Kondisi ini membuat peternak ayam mandiri kesulitan bersaing. Mereka kalah saing dengan perusahaan integrator yang memiliki sumber daya lebih besar.
Dampak Negatif Aturan Terhadap Peternak Mandiri
Singgih menambahkan, penerbitan UU No. 18 Tahun 2009 tentang Peternakan dan Kesehatan Hewan, yang kemudian direvisi dengan UU No. 41 Tahun 2014, juga mempersulit peternak rakyat atau UMKM yang modalnya terbatas. Banyaknya aturan administrasi membuat peternak rakyat kolaps dan membuka peluang bagi perusahaan besar untuk menguasai sektor perunggasan.
Peternak rakyat kesulitan bersaing karena integrator memiliki rantai produksi lengkap, mulai dari bibit DOC (Day Old Chick), pakan, obat-obatan, hingga distribusi ayam ke pasar. Hal ini membuat peternak rakyat UMKM mandiri sangat bergantung pada integrator.
Akibatnya, hanya broker dan peternak yang bermitra dengan integrator yang memperoleh keuntungan. Peternak rakyat hanya mendapatkan porsi pasar di bawah 20 persen, dan 13 juta pekerja yang menggantungkan hidup dari peternakan rakyat mandiri terancam kehilangan pekerjaan.
Solusi: Revisi Aturan dan Perlindungan Peternak
Pinsar berharap pemerintah merevisi undang-undang yang ada untuk mencegah monopoli perdagangan di bidang peternakan. Revisi ini penting untuk membantu peternak dan UMKM mengatasi masalah kerusakan harga pasaran ayam selama proses pendistribusian.

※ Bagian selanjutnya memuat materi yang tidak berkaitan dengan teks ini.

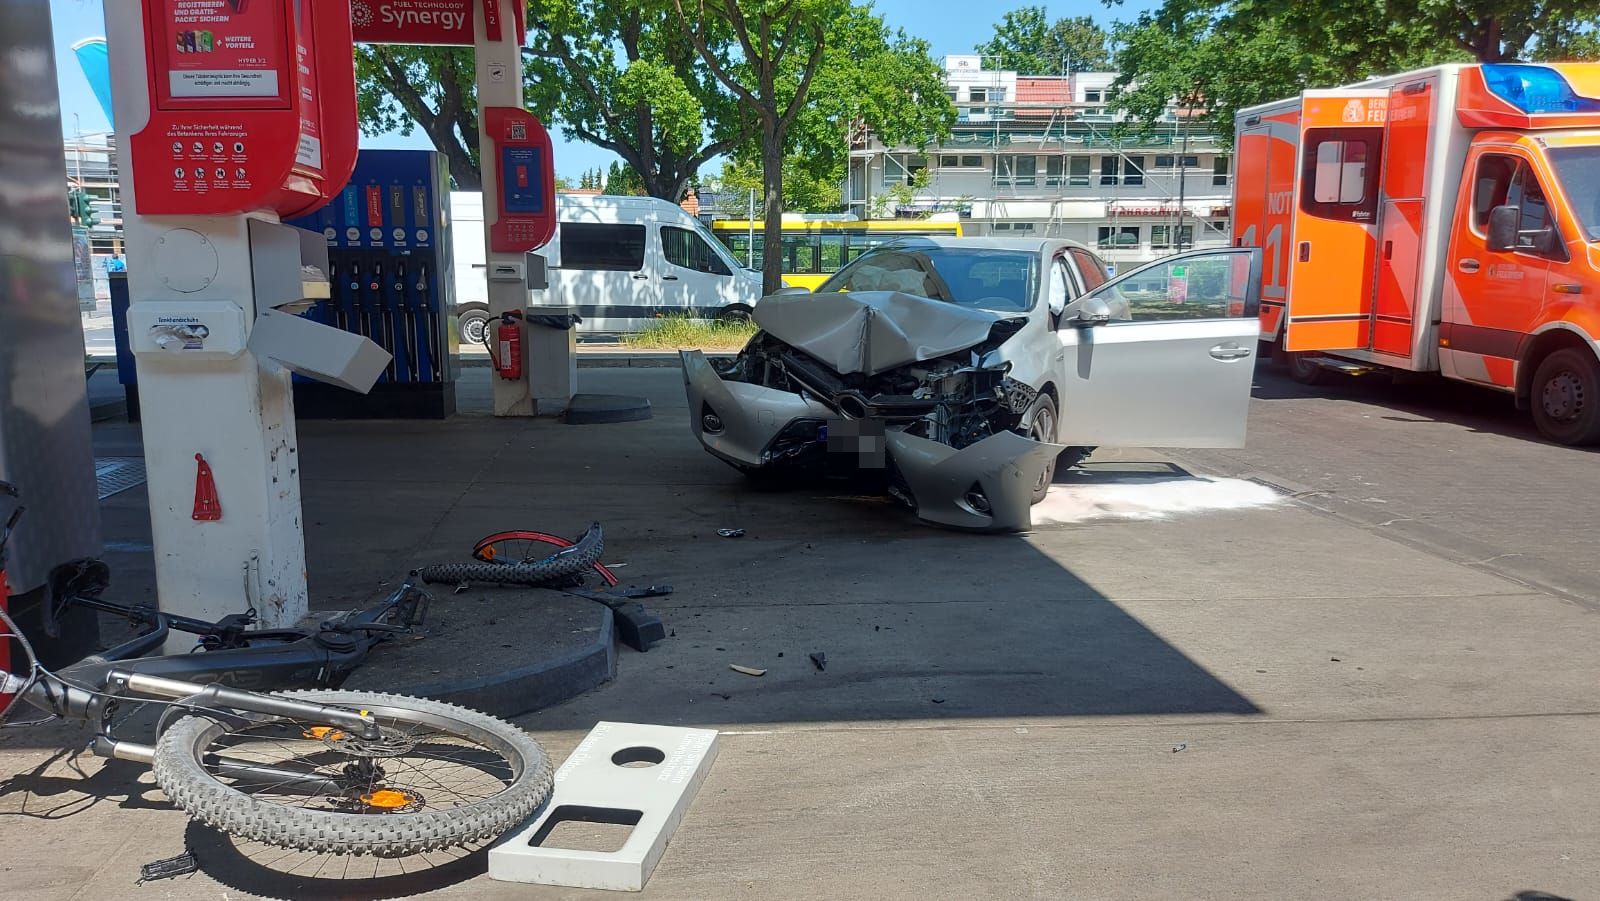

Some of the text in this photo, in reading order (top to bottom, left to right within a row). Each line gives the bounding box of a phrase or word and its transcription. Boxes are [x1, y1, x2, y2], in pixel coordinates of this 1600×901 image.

[414, 1, 464, 9] TECHNOLOGY
[488, 0, 493, 8] 1
[380, 5, 465, 30] Synergy
[490, 16, 496, 25] 2
[1268, 192, 1292, 215] NOT
[1112, 207, 1185, 217] FAHRSCHUL
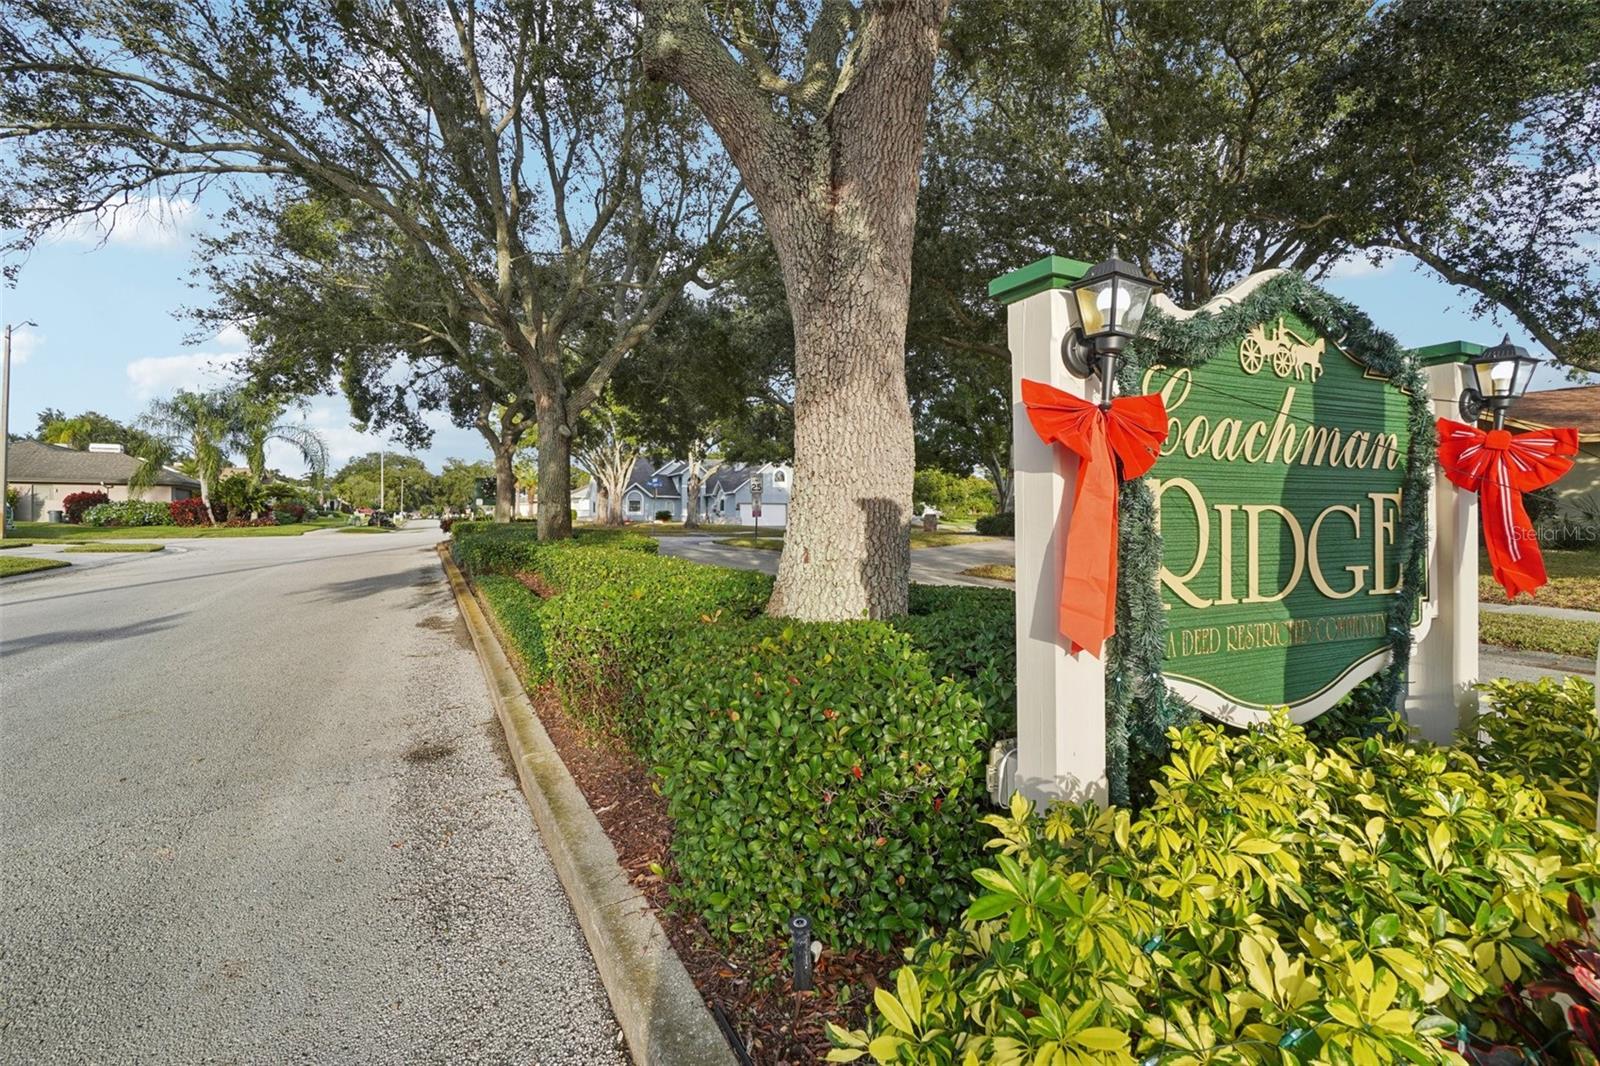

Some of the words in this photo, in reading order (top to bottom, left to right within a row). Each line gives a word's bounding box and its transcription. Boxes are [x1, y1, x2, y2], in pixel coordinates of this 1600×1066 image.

[1142, 364, 1402, 471] Coachman
[1146, 477, 1403, 610] RIDGE
[1167, 632, 1177, 658] A
[1181, 627, 1221, 657] DEED

Singgih menegaskan komitmen Pinsar mendukung program ketahanan pangan, namun tanpa revisi aturan, kemandirian pangan hanya akan mengorbankan peternak UMKM yang jumlahnya kini kurang dari 20 persen. Ia menekankan perlunya perlindungan bagi peternak rakyat agar mereka dapat bersaing secara adil.
Dukungan dari DPR
Ketua Komisi IV DPR RI, Siti Hediati Hariyadi, menyatakan akan meminta pemerintah meninjau peraturan yang ada. Fokusnya adalah untuk menyejahterakan rakyat, khususnya peternak. Ia berharap agar pemerintah segera mengambil langkah-langkah konkret untuk menyejahterakan peternak rakyat agar ketahanan pangan dapat berpegang pada prinsip berkeadilan. Salah satu contohnya adalah peran Bulog dalam menampung ayam peternak sesuai Harga Pembelian Pemerintah (HPP).